▶ _PROBLEM REQUIREMENTS_: Could you give the data below again exactly, apart from the pictures?

▶ _RECORDS FOR THIS TASK_:
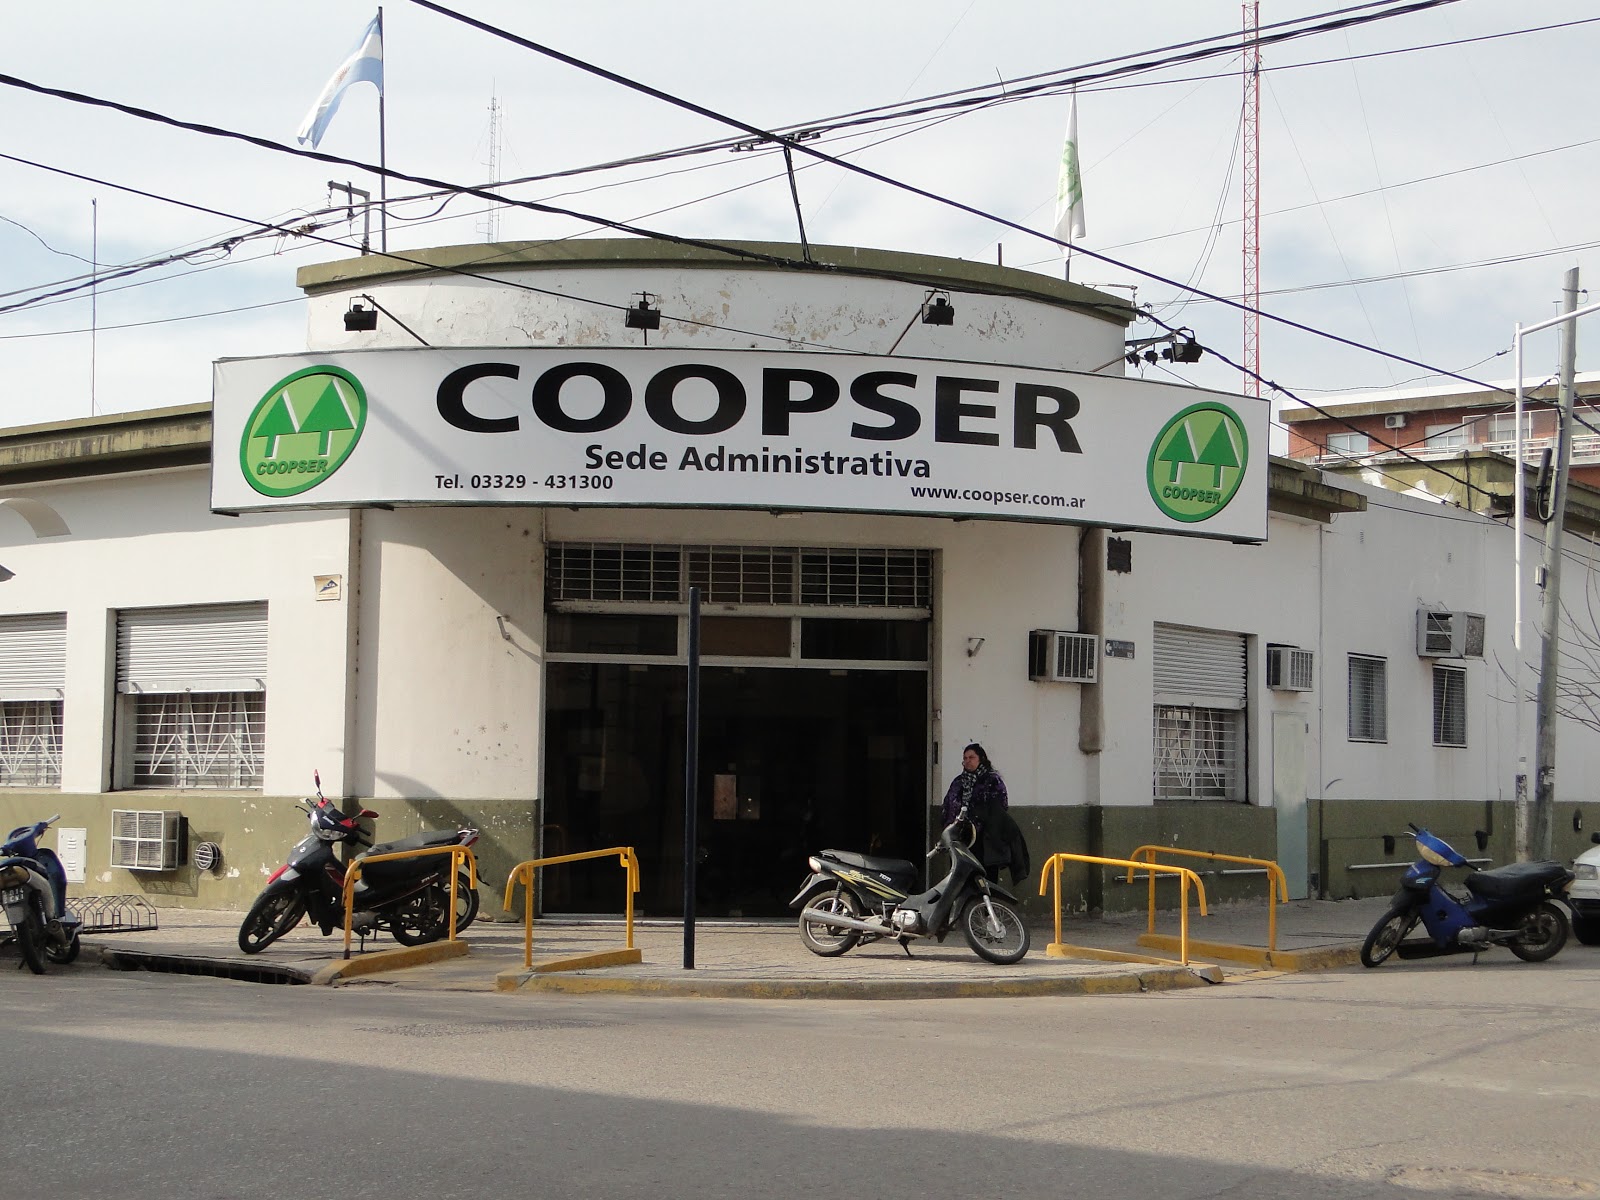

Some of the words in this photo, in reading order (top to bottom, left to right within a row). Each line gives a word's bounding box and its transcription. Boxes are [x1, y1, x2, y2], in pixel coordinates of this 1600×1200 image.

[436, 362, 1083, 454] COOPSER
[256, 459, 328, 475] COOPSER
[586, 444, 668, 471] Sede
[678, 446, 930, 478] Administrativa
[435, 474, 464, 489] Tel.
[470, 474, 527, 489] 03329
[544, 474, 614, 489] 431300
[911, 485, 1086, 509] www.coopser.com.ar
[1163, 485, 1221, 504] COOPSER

▶ _YOUR RESPONSE_:
Some of the words in this photo, in reading order (top to bottom, left to right within a row). Each line gives a word's bounding box and its transcription. Boxes are [x1, y1, x2, y2], in pixel coordinates of this 1600×1200 image.

[436, 362, 1083, 454] COOPSER
[256, 459, 328, 475] COOPSER
[586, 444, 668, 471] Sede
[678, 446, 930, 478] Administrativa
[435, 474, 464, 489] Tel.
[470, 474, 527, 489] 03329
[544, 474, 614, 489] 431300
[911, 485, 1086, 509] www.coopser.com.ar
[1163, 485, 1221, 504] COOPSER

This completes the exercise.